The Kaiser tells Hindenburg to take care of it. He says that he knows just the man to get Rasputin out.

Hitler, Hess and Goering return from a bombing of London run and are told that Hitler is wanted.

and "To Be Continued" shows in the lower right hand corner.

This was... odd.

The comic starts goofy, very goofy, but then tries to make sense internally and settles into a groove. Still, the Young Sturdy Heroic Nazis of Hitler and Goering make for a very odd reading.
 
I get the impression that sometimes the 'Jour J' writers just want to provoke. There's really no good reason for using Hitler and Goering, they seem like very generic characters, but that wouldn't make poeple go 'WOW, that's so radical!"

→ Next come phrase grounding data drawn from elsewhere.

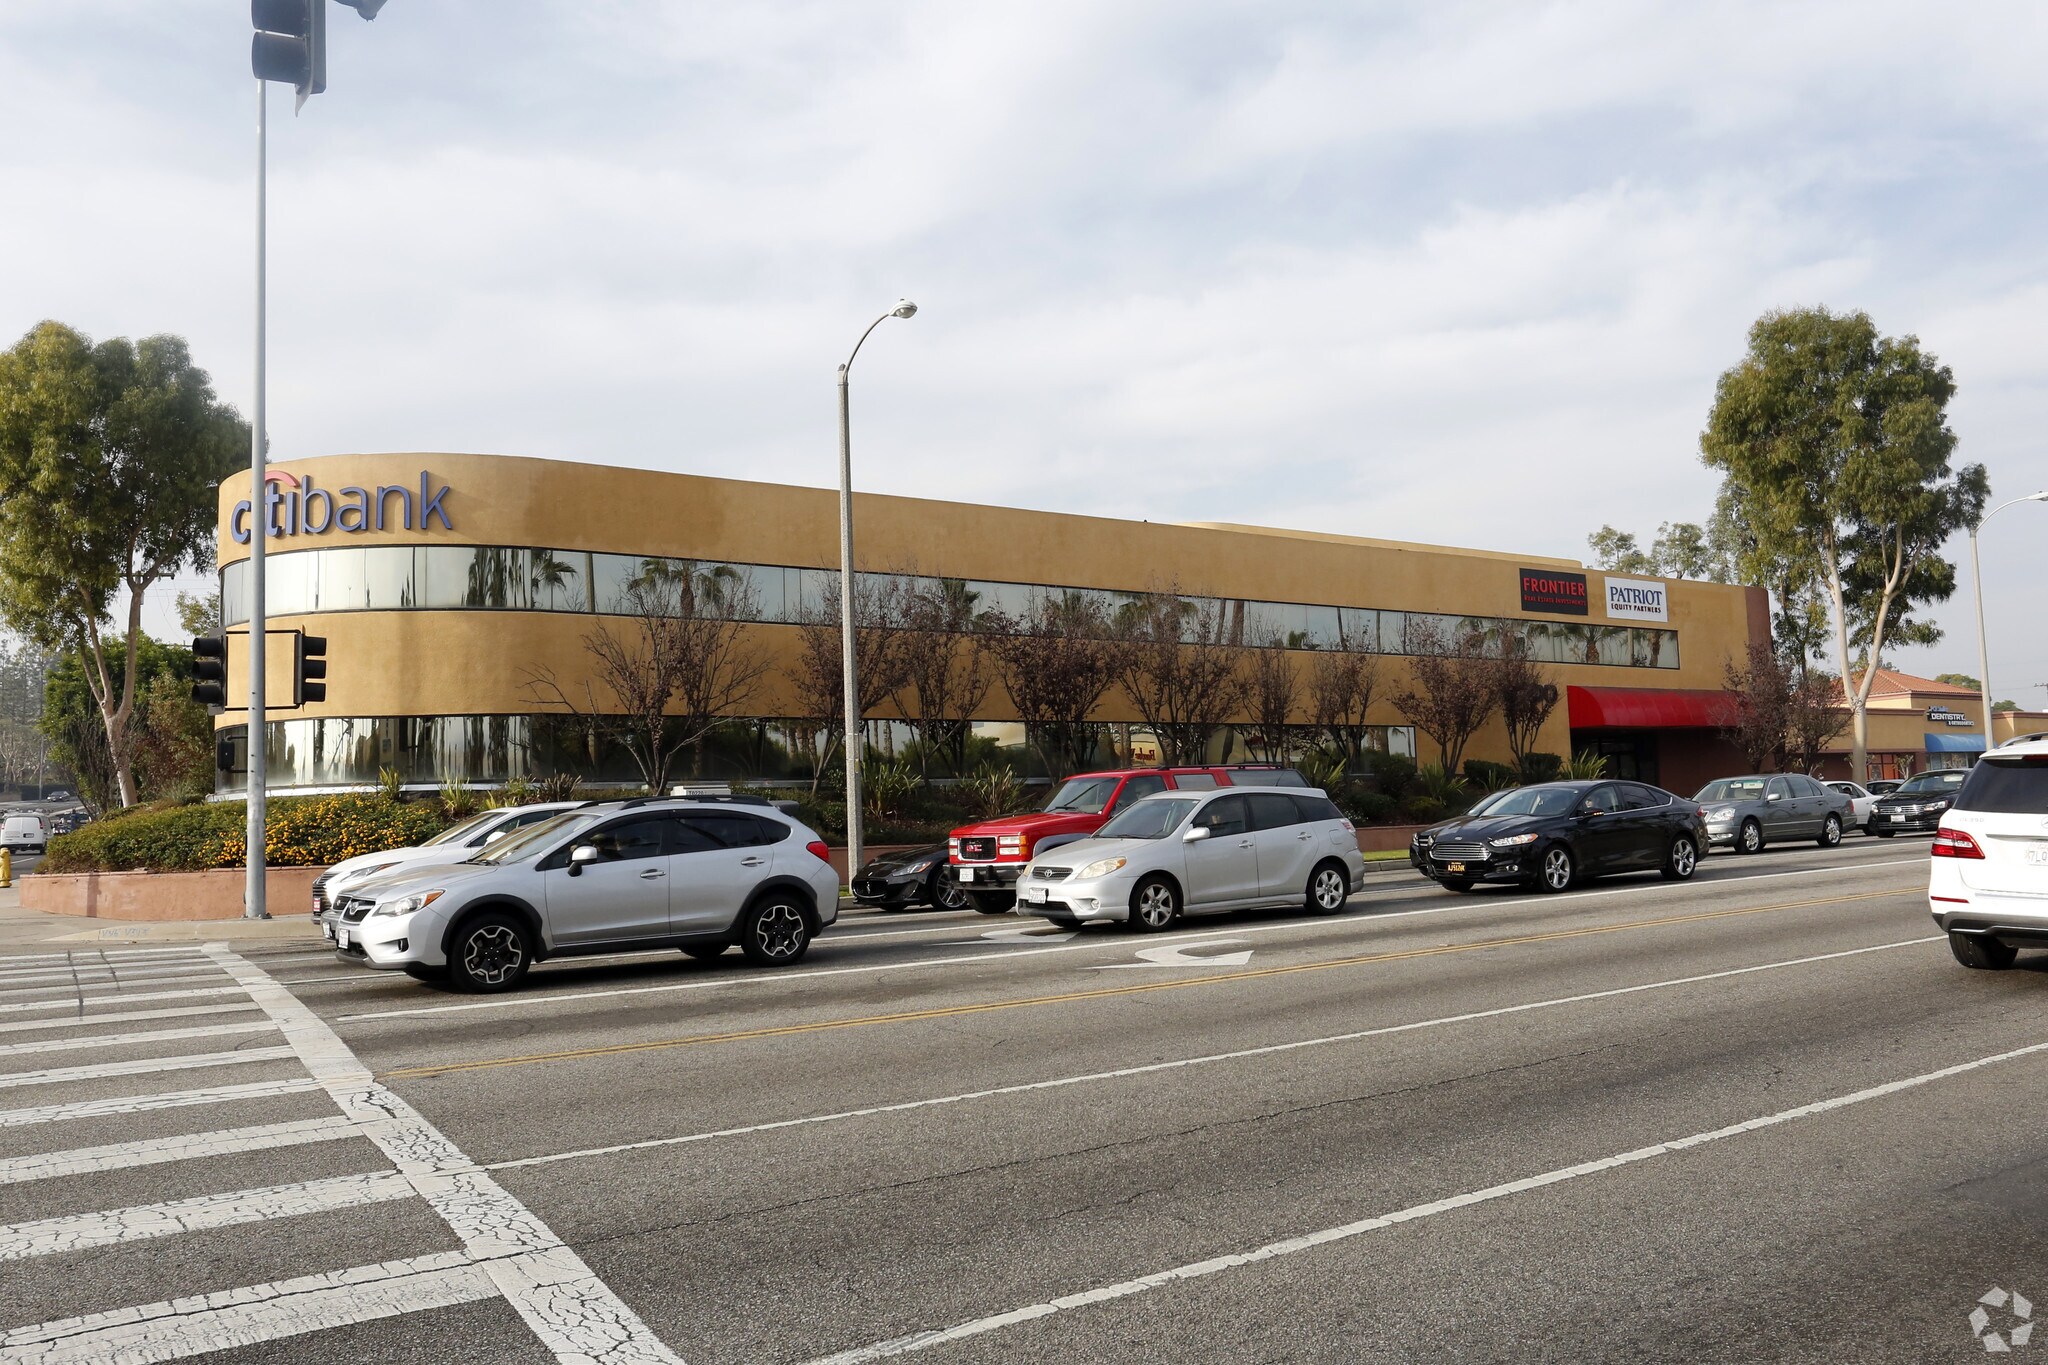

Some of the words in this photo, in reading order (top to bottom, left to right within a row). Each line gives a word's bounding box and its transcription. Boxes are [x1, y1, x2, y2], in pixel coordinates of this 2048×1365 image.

[231, 470, 452, 544] ctibank
[1522, 577, 1585, 596] FRONTIER
[1610, 586, 1662, 605] PATRIOT
[1611, 603, 1632, 611] EQUITY
[1633, 605, 1661, 613] PARTNERS

Still, the fact that something liek an alternate history comic book, done so relatively well, with good art can exist makes me think we're living in the best of all possible timelines.
 
"Wunderwaffen" was original not at Delcourt, but a Series from competitor "Soleil" who wants to capitalize from Jour J success in France
and to be honest "Wunderwaffen" is only show case for "Luft 46" with ABS scenarios to make it happen.
it was successful, that came spinoff like "Wunderwaffen presents: Zeppelin's War" and "Wunderwaffen presents: Space Reich"

but thanks twisted Fate, Delcourt got his biggest rival Soleil for Bargin price,
in same time Delcourt do AH spinoff also like "USA über Alles" (1950s cold War) and "Luftballons" (1980s cold war)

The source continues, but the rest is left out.